• Exercise brief:
Repeat the data verbatim, images excluded.

[Start of Attachment]

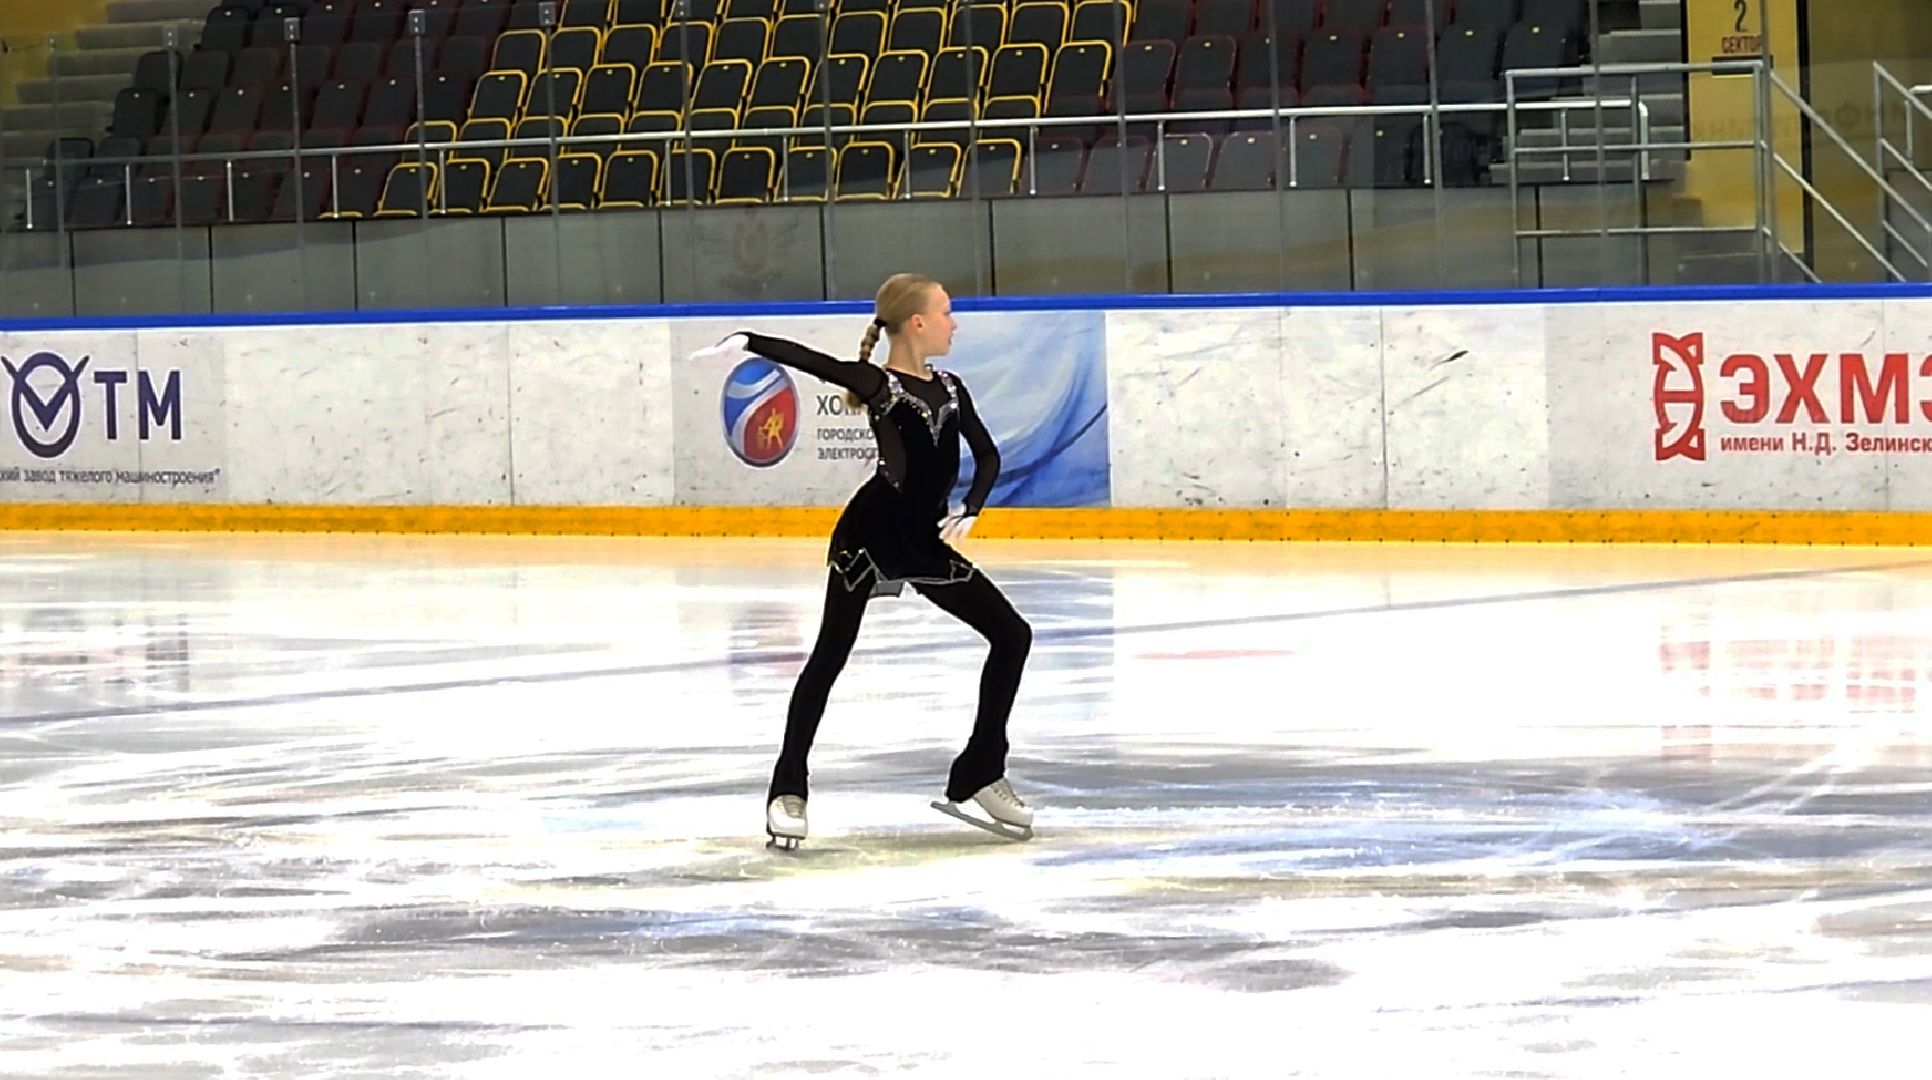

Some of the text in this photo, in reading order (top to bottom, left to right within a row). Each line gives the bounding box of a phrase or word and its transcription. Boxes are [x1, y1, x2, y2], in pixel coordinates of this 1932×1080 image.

[1733, 0, 1748, 32] 2
[1720, 353, 1932, 424] ЭХМ
[816, 427, 876, 442] ГОРОДСКО
[1720, 437, 1783, 451] имени
[1792, 432, 1837, 456] Н.Д.
[817, 447, 878, 460] ЭЛЕКТРОСТ
[0, 467, 20, 483] кий
[24, 469, 56, 484] завод
[59, 470, 111, 484] тяжелого

[End of Attachment]

• Answer section:
Some of the text in this photo, in reading order (top to bottom, left to right within a row). Each line gives the bounding box of a phrase or word and its transcription. Boxes are [x1, y1, x2, y2], in pixel coordinates of this 1932×1080 image.

[1733, 0, 1748, 32] 2
[1720, 353, 1932, 424] ЭХМ
[816, 427, 876, 442] ГОРОДСКО
[1720, 437, 1783, 451] имени
[1792, 432, 1837, 456] Н.Д.
[817, 447, 878, 460] ЭЛЕКТРОСТ
[0, 467, 20, 483] кий
[24, 469, 56, 484] завод
[59, 470, 111, 484] тяжелого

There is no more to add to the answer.